**What the exercise asks:** Find "this 1344×1512 image." in the records that follow; print that line and each subsequent line through the last one, verbatim and with nothing added.

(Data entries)
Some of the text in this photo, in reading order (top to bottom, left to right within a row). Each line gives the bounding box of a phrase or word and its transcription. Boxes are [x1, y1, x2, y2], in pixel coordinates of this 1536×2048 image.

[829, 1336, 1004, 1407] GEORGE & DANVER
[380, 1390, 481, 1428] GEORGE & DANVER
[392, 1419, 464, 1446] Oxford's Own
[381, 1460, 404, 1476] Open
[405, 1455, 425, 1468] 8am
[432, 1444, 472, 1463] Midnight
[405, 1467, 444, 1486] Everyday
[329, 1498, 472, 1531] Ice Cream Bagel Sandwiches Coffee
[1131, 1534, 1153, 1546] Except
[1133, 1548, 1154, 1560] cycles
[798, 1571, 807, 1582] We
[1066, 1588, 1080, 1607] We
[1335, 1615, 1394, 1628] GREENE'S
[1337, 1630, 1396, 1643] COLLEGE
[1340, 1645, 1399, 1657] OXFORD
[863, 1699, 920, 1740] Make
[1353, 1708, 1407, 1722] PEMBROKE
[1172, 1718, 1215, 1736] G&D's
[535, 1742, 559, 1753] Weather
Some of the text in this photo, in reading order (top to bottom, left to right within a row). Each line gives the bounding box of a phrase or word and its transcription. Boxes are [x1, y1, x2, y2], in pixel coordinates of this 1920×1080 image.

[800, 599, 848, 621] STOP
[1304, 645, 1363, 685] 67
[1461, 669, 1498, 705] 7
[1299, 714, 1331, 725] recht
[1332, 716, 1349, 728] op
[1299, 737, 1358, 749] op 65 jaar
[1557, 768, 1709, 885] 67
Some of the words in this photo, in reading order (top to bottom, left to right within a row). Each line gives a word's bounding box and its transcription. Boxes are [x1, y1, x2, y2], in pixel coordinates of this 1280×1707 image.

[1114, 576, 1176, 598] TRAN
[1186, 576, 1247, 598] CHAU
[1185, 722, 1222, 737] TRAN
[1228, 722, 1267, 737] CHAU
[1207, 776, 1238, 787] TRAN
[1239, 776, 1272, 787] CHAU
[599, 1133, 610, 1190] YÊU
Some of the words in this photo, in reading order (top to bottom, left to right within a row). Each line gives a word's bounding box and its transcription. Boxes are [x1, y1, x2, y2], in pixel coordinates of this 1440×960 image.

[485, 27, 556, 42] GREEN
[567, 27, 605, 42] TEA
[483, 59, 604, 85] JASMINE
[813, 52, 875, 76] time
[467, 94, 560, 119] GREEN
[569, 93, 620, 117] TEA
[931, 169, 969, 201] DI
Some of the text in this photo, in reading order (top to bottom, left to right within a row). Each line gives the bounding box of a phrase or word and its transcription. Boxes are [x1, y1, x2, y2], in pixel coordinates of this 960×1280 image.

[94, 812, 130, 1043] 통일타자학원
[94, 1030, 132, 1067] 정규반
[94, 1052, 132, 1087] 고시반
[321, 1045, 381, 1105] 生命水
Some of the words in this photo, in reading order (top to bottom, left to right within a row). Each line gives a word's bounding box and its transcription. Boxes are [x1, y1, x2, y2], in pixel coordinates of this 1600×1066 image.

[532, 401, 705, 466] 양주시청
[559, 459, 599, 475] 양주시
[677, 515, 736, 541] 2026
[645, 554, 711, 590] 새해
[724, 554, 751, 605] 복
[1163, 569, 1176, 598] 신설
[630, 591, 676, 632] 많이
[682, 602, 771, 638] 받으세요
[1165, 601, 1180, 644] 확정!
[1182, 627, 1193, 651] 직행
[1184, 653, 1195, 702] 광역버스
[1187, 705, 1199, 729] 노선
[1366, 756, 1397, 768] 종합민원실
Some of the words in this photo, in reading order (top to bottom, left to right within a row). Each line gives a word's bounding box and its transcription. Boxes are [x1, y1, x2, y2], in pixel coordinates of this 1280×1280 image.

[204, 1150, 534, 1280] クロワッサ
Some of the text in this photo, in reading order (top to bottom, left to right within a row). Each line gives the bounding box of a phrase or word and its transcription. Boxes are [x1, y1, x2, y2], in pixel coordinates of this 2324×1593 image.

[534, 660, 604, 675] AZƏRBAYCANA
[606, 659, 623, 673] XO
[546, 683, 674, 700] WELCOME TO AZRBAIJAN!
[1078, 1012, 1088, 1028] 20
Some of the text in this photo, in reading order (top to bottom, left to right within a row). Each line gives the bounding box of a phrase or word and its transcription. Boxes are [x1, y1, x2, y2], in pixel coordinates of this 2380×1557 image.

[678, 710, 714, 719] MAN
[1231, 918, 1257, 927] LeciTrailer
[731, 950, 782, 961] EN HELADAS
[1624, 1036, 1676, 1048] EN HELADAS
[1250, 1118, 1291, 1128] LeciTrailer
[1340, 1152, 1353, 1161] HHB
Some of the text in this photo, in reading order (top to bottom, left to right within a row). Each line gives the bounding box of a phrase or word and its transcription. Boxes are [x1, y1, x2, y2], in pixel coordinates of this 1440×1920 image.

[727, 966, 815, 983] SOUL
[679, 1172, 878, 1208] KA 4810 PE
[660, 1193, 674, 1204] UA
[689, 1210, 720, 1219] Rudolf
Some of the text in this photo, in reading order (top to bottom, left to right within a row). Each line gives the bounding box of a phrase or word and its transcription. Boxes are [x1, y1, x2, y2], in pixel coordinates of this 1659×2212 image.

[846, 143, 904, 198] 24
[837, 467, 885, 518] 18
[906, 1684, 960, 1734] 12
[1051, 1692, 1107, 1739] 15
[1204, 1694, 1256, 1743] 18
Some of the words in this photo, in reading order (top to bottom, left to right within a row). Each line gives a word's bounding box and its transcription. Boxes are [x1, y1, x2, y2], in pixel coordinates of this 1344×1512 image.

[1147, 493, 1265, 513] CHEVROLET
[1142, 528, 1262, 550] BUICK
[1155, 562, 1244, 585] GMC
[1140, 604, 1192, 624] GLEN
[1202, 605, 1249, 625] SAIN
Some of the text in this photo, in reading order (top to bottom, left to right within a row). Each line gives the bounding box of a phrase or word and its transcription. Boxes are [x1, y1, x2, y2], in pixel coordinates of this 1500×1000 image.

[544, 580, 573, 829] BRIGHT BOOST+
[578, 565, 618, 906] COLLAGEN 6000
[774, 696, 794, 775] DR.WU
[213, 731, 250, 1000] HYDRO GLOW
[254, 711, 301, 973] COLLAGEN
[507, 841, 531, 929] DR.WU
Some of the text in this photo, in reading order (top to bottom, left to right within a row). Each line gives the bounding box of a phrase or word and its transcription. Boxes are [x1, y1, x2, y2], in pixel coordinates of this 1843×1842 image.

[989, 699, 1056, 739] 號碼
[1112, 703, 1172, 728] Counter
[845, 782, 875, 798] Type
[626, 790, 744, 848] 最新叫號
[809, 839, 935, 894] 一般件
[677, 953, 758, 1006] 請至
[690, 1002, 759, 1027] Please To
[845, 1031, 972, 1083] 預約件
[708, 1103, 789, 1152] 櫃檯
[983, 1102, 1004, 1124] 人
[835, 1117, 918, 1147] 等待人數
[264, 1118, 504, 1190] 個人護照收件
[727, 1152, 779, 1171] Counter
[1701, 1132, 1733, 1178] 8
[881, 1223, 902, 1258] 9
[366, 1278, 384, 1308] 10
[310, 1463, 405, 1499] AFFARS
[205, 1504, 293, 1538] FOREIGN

**Response to the task:**
Some of the words in this photo, in reading order (top to bottom, left to right within a row). Each line gives a word's bounding box and its transcription. Boxes are [x1, y1, x2, y2], in pixel coordinates of this 1344×1512 image.

[1147, 493, 1265, 513] CHEVROLET
[1142, 528, 1262, 550] BUICK
[1155, 562, 1244, 585] GMC
[1140, 604, 1192, 624] GLEN
[1202, 605, 1249, 625] SAIN
Some of the text in this photo, in reading order (top to bottom, left to right within a row). Each line gives the bounding box of a phrase or word and its transcription. Boxes are [x1, y1, x2, y2], in pixel coordinates of this 1500×1000 image.

[544, 580, 573, 829] BRIGHT BOOST+
[578, 565, 618, 906] COLLAGEN 6000
[774, 696, 794, 775] DR.WU
[213, 731, 250, 1000] HYDRO GLOW
[254, 711, 301, 973] COLLAGEN
[507, 841, 531, 929] DR.WU
Some of the text in this photo, in reading order (top to bottom, left to right within a row). Each line gives the bounding box of a phrase or word and its transcription. Boxes are [x1, y1, x2, y2], in pixel coordinates of this 1843×1842 image.

[989, 699, 1056, 739] 號碼
[1112, 703, 1172, 728] Counter
[845, 782, 875, 798] Type
[626, 790, 744, 848] 最新叫號
[809, 839, 935, 894] 一般件
[677, 953, 758, 1006] 請至
[690, 1002, 759, 1027] Please To
[845, 1031, 972, 1083] 預約件
[708, 1103, 789, 1152] 櫃檯
[983, 1102, 1004, 1124] 人
[835, 1117, 918, 1147] 等待人數
[264, 1118, 504, 1190] 個人護照收件
[727, 1152, 779, 1171] Counter
[1701, 1132, 1733, 1178] 8
[881, 1223, 902, 1258] 9
[366, 1278, 384, 1308] 10
[310, 1463, 405, 1499] AFFARS
[205, 1504, 293, 1538] FOREIGN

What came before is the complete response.